立花蓮〆 ♦ 2021/01/18(Mon) 03:44[45]

――まさか、いきなり単独?(遡ること数時間前。突然の呼び出しは例の教師相手ならばさほど珍しいことでなく、応じる男の心境にも慣れがあった。内容もおおよそ察しがついていて、そのとおりの内容が無駄に整った顔から聞かされれば大きく溜息もついただろう。休憩室で男二人、ジュースでも奢っても貰わねばやってられない気分だった。「なにがいい?」と特段気にした風もなく小銭を入れる余裕っぷりも苛立たしい。本当に、なんでこんな男に命を救われてしまったのだか。どうして、柄にもなく見ず知らずのために命を張っているのだか。)なんで先生が僕を昇級させるのか知らないけどさ。向いてないって。マジで。すぐ死ぬよ。自信ある。(二級どころか、三級にすらなりたくなかった。なんなら、卒業後の進路は補助監督でいい。戦う手段は確かにあるが、一撃必殺に頼りすぎた手法ではいくらも戦えない。それを理解していない教師とは思えず、恨みがましい視線は珍しくストレートに彼へ注ぐだろう。受け取ったアップルジュースの蓋を開けて喉に注ぎ込めば、爽やかな酸味と甘味が咥内に広がってゆく。隣でカフェオレの缶を開ける音がした。)……まあ、俺は自分で此処に来たし、やれって言われればやるけどさ。――護衛外したあと、あの子、どうなんの。(既に見ず知らずではなくなってしまったよすがは、しかし切れるのが道理。そこまでは理解している。しかし彼女は、すでに辿るよすががない。助けるだけ助けて放り出す無責任に覚える苛立ちが素直に教師を睨んだ。「おーこわ」戯けて肩をすくめる様子で暖簾に腕押しを悟れば、もう一度の大きなため息。)……二級の仕事はやる。だからちゃんと、静音にも道筋立ててあげてよ。あの子、案外すぐ泣くからね。(出会った初日と、先日の北千住での一件。後者は涙を見せたわけではないけれど、きっと心が叫んでた。思い返して眉尻を下げた男の表情はありありと心配を描いていただろう。きっと喧嘩になるから、本人に直接は言わないけれど。なんだかんだ言って、男は教師を信頼している。“最強”だと疑っていないし、道理に悖ることをする人間ではないと。そうでなければ男はいま此処に立っていないし、この手が人を救えるとも思わなかっただろうから。飲み干したペットボトルを自販機備え付けのゴミ箱に捨てれば、そのままその場を後にしようとするだろう。

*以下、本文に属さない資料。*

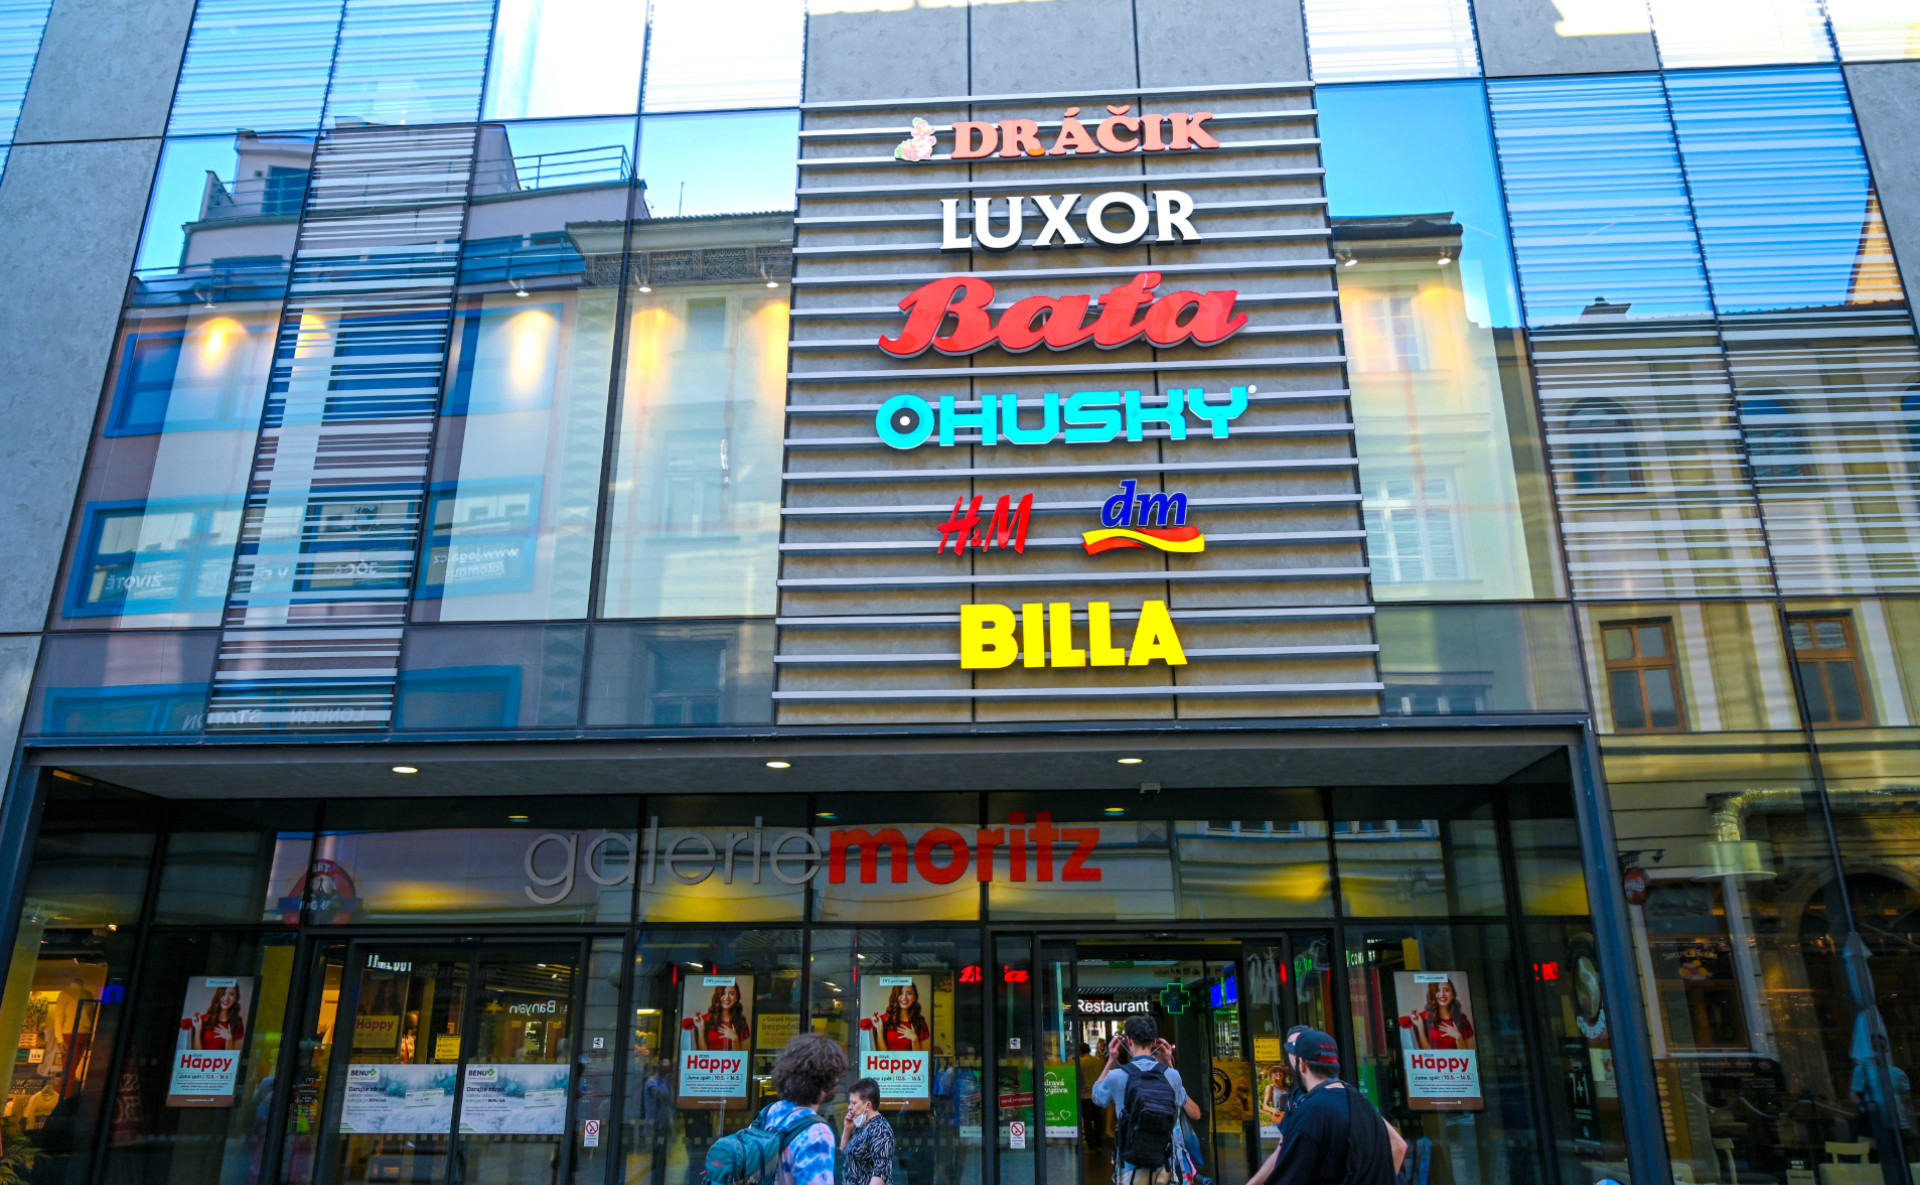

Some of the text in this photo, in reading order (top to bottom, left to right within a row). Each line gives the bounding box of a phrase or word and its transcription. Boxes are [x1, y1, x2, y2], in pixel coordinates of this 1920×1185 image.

「身の安全は保証するよ」背中に投げられた言葉に、後ろ手でひらひらと手を振った。今はそれで十分だった。程なく、担当の補助監督から連絡が入る。詳細は車内で、と寮に戻る間もなく校門へ向かうこととなろう――運転しながら聞かされる概要を留め置きながら、持ったスマホで呼び出した文字列は“しろ子”。ラインの送信画面を開いて、何かを送ろうとして、けれど別れを彷彿させるような単語しか出てこなくて、結局送ったのは「任務行ってくる。いい子でね」なんて、また不興を買いかねない内容だったけど。車窓に映る男の口角が上がっていたことを知る者は、きっとだれも居なかっただろう。スマホを突っ込んだポケットで、またパンダが爪にぶつかった。)